TASK TO CARRY OUT → Make an exact copy of the listing so that no picture is carried over.

GIVEN RECORDS →
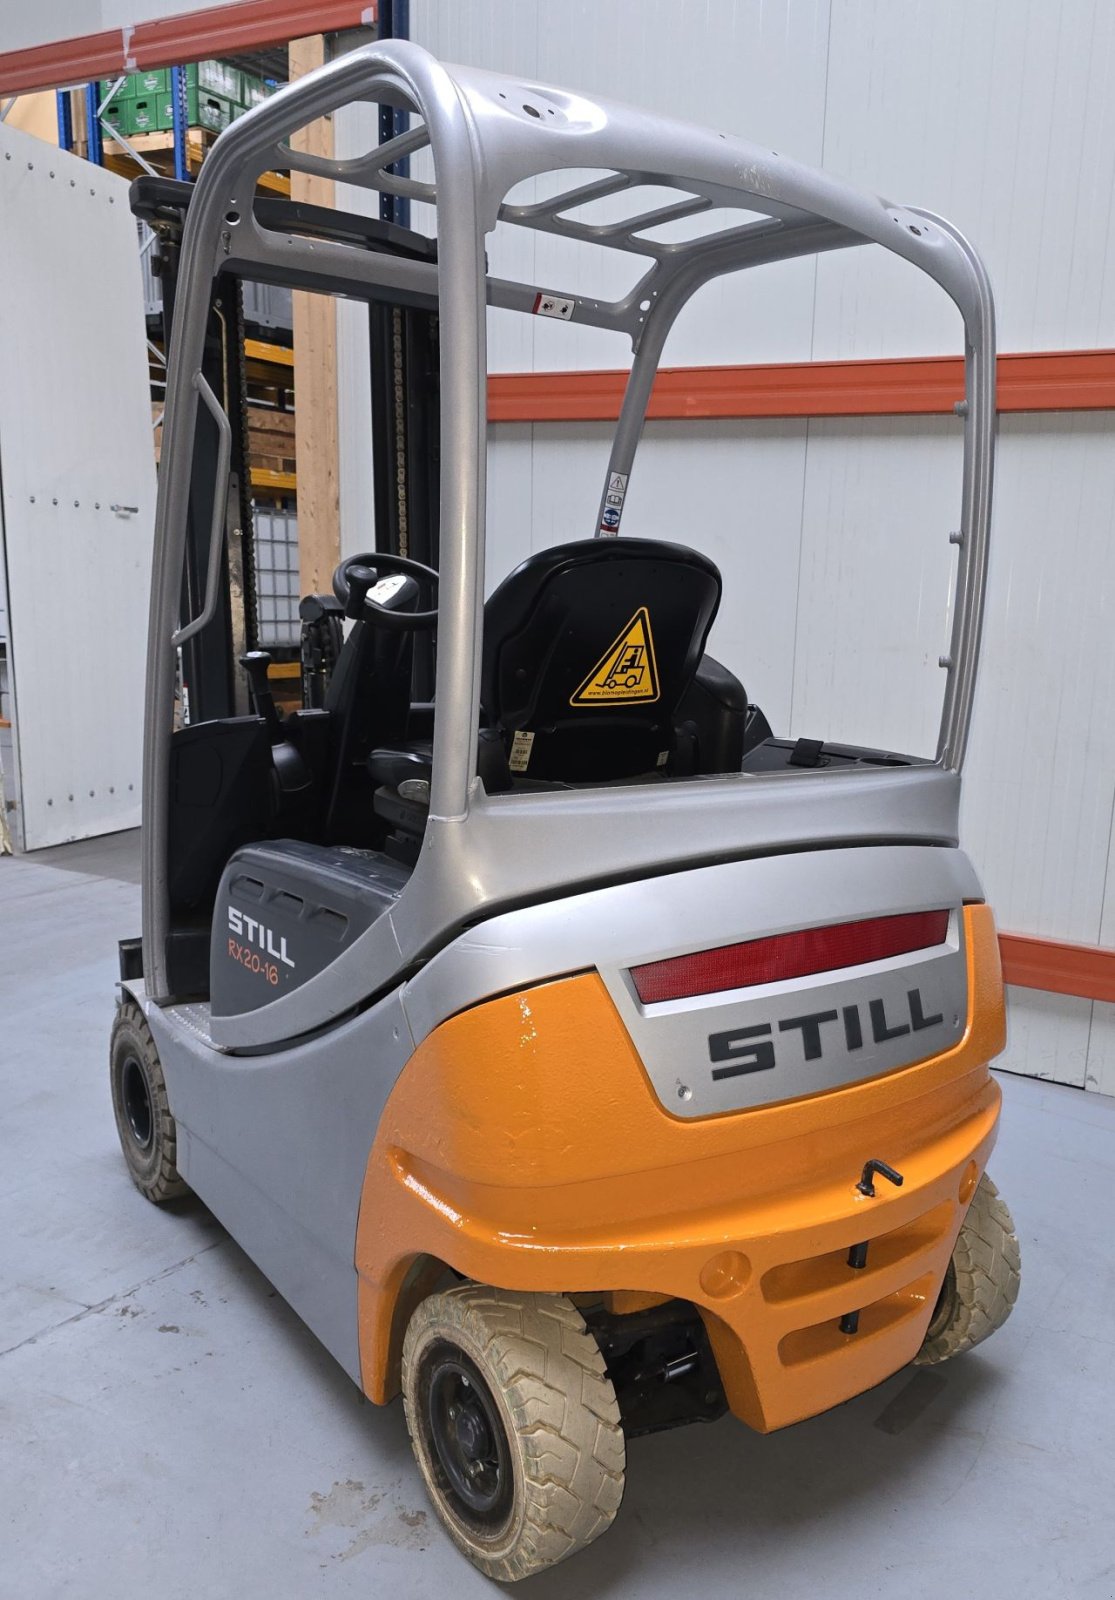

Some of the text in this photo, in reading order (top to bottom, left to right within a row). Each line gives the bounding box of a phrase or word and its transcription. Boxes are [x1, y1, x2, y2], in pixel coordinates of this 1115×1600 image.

[228, 905, 295, 968] STILL
[228, 937, 279, 985] RX20-16
[708, 988, 943, 1081] STILL
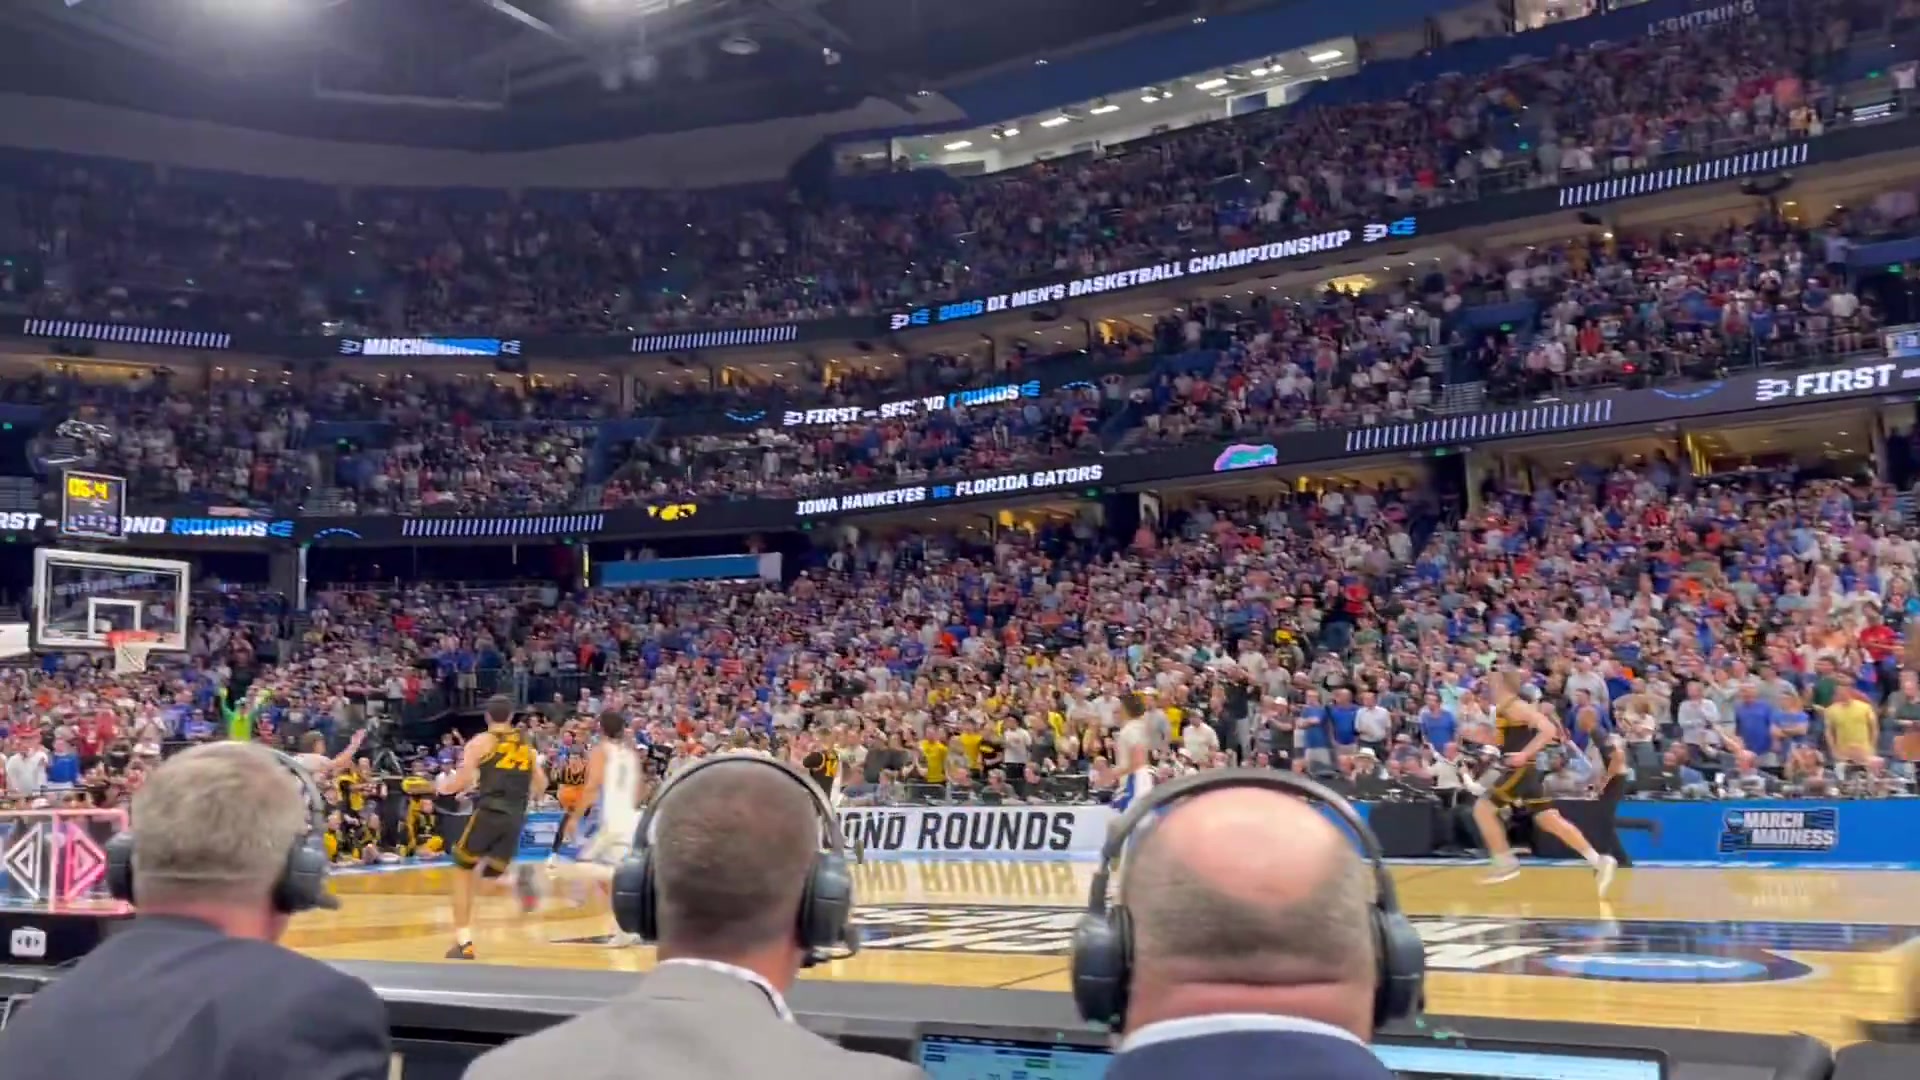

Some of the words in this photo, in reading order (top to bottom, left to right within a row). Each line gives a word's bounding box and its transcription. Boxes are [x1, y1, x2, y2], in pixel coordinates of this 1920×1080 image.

[986, 295, 1009, 312] DI
[1011, 283, 1065, 308] MEN'S
[1068, 261, 1184, 297] BASKETBALL
[1188, 229, 1351, 274] CHAMPIONSHIP
[363, 338, 423, 356] MARCH
[1795, 363, 1897, 397] FIRST
[805, 406, 861, 425] FIRST
[879, 395, 945, 418] SECND
[796, 498, 838, 515] IOWA
[841, 486, 926, 510] HAWKEYES
[955, 473, 1029, 497] FLORIDA
[1032, 464, 1103, 487] GATORS
[171, 518, 268, 537] ROUNDS
[496, 741, 529, 771] 24
[836, 811, 906, 850] OND
[917, 811, 1075, 851] ROUNDS
[1743, 811, 1805, 828] MARCH
[1752, 828, 1835, 845] MADNESS
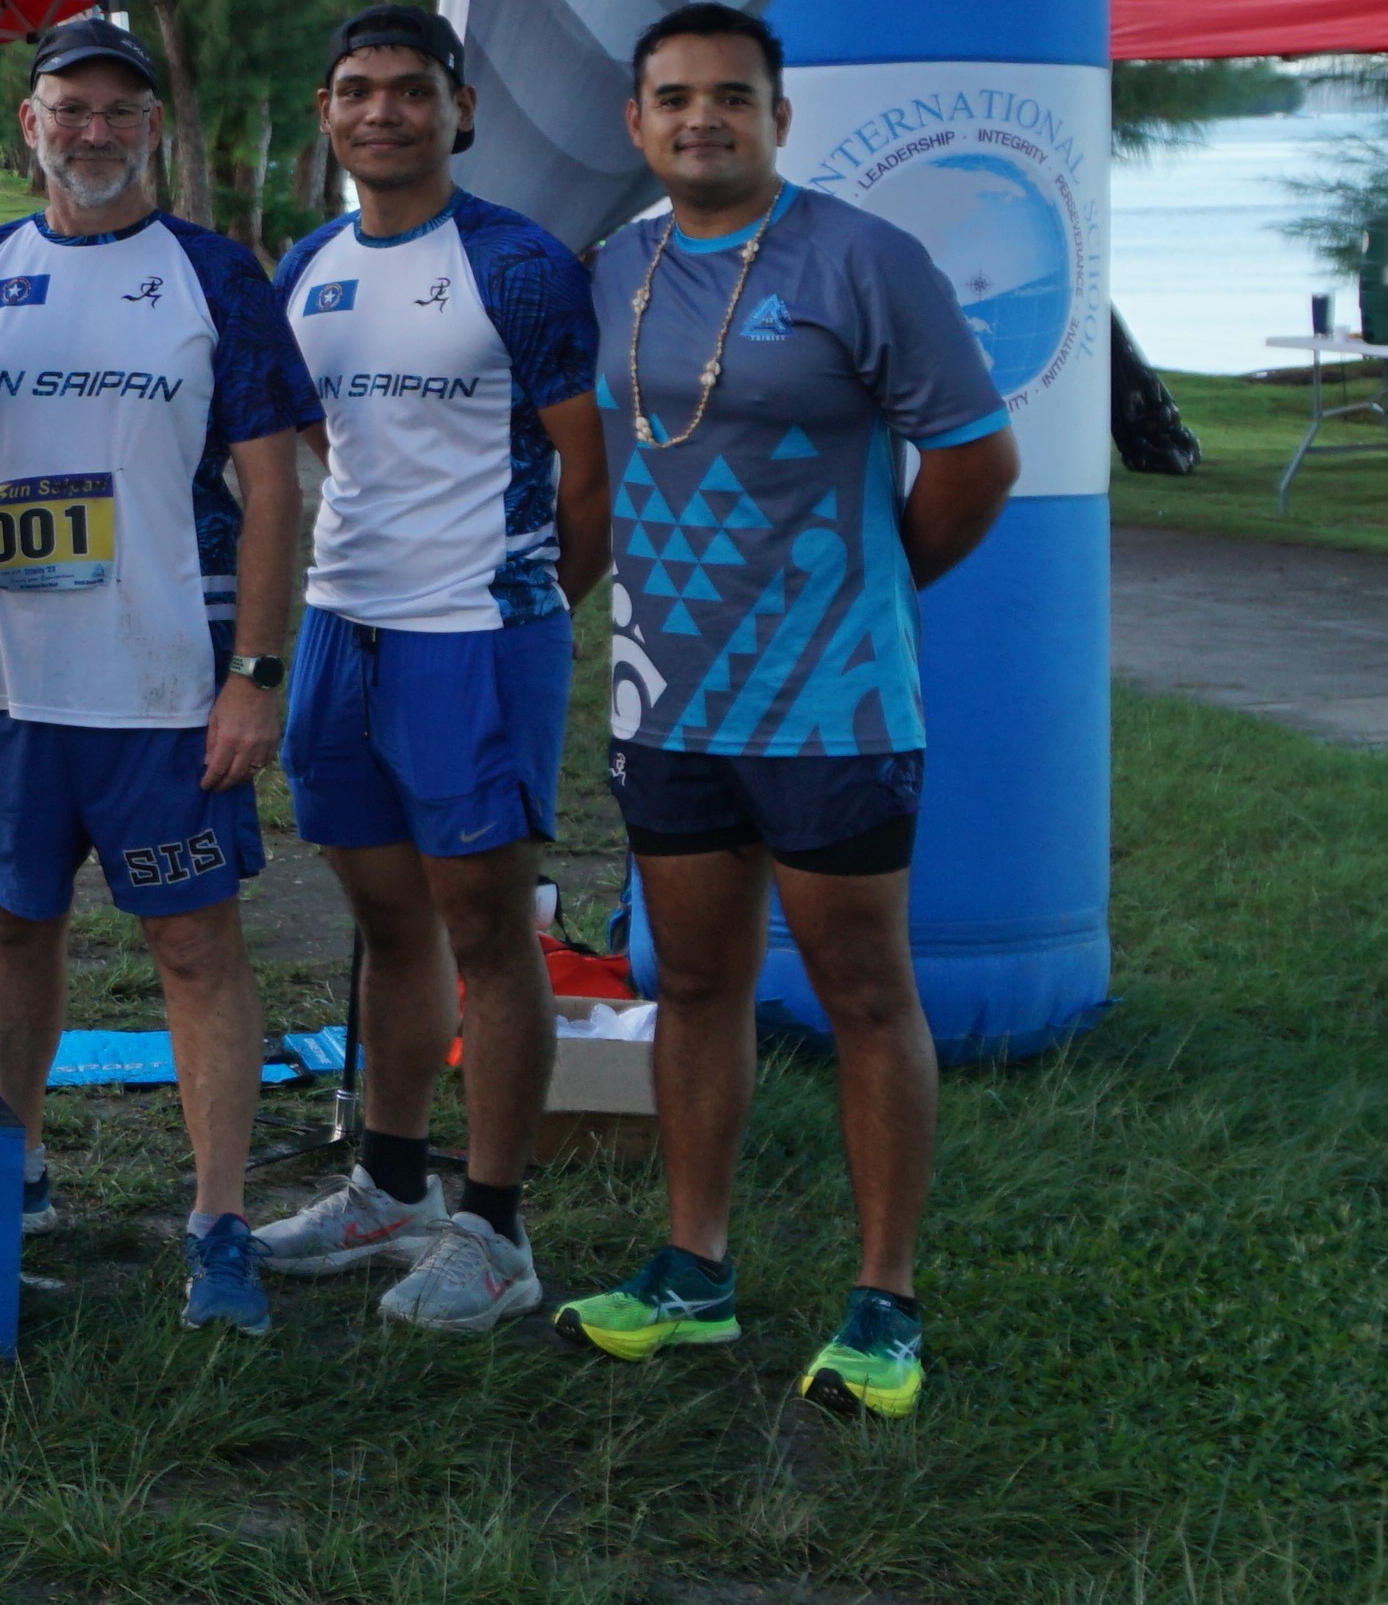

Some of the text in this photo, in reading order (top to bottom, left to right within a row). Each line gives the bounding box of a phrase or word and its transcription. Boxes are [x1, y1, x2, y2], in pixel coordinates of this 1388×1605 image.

[808, 89, 1085, 195] NTERNATIONAL
[857, 128, 1084, 298] LEADERSHIP INTEGRITY PERSEVERANCE
[1042, 315, 1079, 389] INITIATIVE
[32, 371, 183, 402] SAIPAN
[348, 374, 480, 400] SAIPAN
[123, 827, 226, 888] SIS
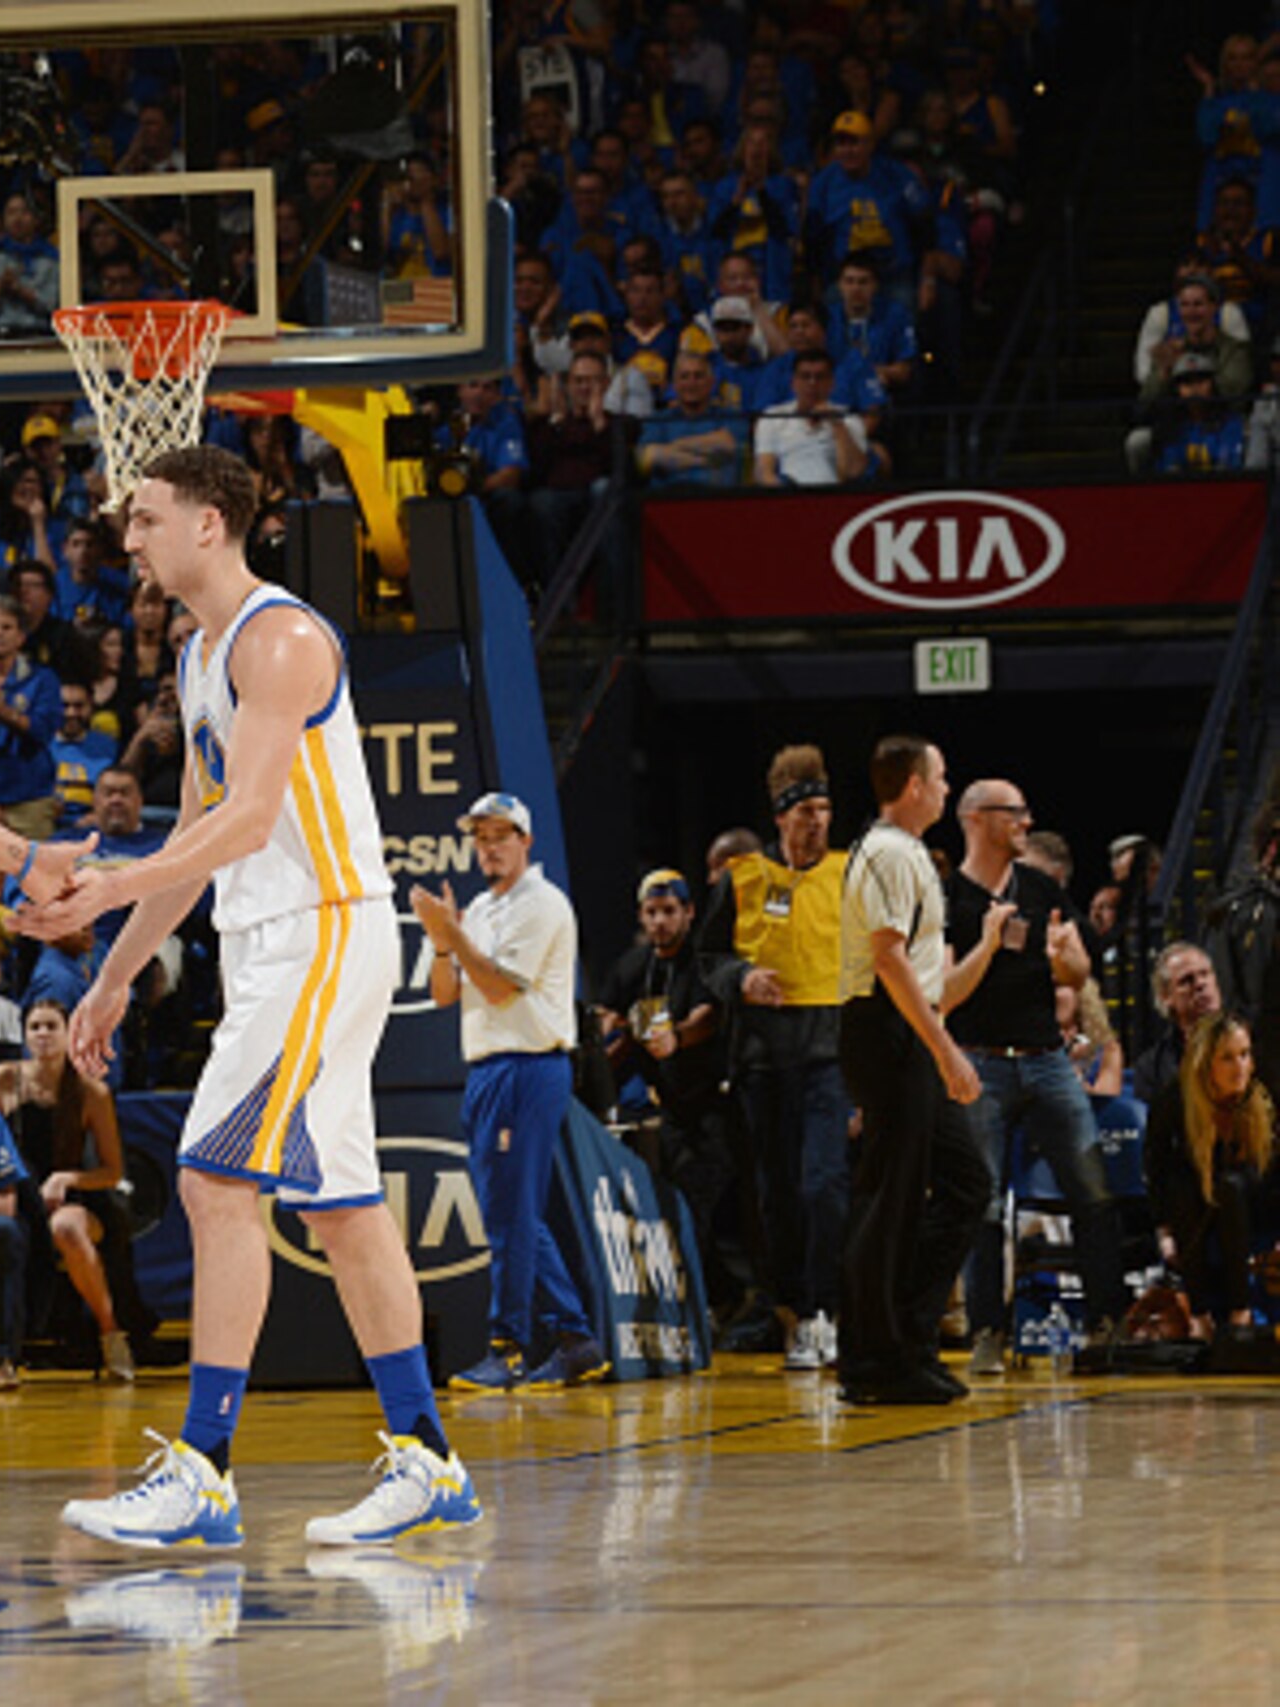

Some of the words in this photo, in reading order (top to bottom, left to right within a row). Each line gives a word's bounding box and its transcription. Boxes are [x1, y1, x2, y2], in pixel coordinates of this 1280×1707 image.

COMPLETED EXERCISE →
Some of the text in this photo, in reading order (top to bottom, left to right within a row). Each line gives the bounding box of a phrase or word and its transcription. Boxes are [x1, y1, x2, y2], in pixel coordinates of this 1115×1600 image.

[228, 905, 295, 968] STILL
[228, 937, 279, 985] RX20-16
[708, 988, 943, 1081] STILL

Some of the words in this photo, in reading order (top to bottom, left to right within a row). Each line gives a word's bounding box and its transcription. Boxes are [x1, y1, x2, y2], in pixel coordinates of this 1920×1080 image.

[986, 295, 1009, 312] DI
[1011, 283, 1065, 308] MEN'S
[1068, 261, 1184, 297] BASKETBALL
[1188, 229, 1351, 274] CHAMPIONSHIP
[363, 338, 423, 356] MARCH
[1795, 363, 1897, 397] FIRST
[805, 406, 861, 425] FIRST
[879, 395, 945, 418] SECND
[796, 498, 838, 515] IOWA
[841, 486, 926, 510] HAWKEYES
[955, 473, 1029, 497] FLORIDA
[1032, 464, 1103, 487] GATORS
[171, 518, 268, 537] ROUNDS
[496, 741, 529, 771] 24
[836, 811, 906, 850] OND
[917, 811, 1075, 851] ROUNDS
[1743, 811, 1805, 828] MARCH
[1752, 828, 1835, 845] MADNESS

Some of the text in this photo, in reading order (top to bottom, left to right within a row). Each line gives the bounding box of a phrase or word and its transcription. Boxes are [x1, y1, x2, y2], in pixel coordinates of this 1388×1605 image.

[808, 89, 1085, 195] NTERNATIONAL
[857, 128, 1084, 298] LEADERSHIP INTEGRITY PERSEVERANCE
[1042, 315, 1079, 389] INITIATIVE
[32, 371, 183, 402] SAIPAN
[348, 374, 480, 400] SAIPAN
[123, 827, 226, 888] SIS

Some of the words in this photo, in reading order (top to bottom, left to right within a row). Each line gives a word's bounding box and its transcription. Boxes are [x1, y1, x2, y2], in pixel coordinates of this 1280×1707 image.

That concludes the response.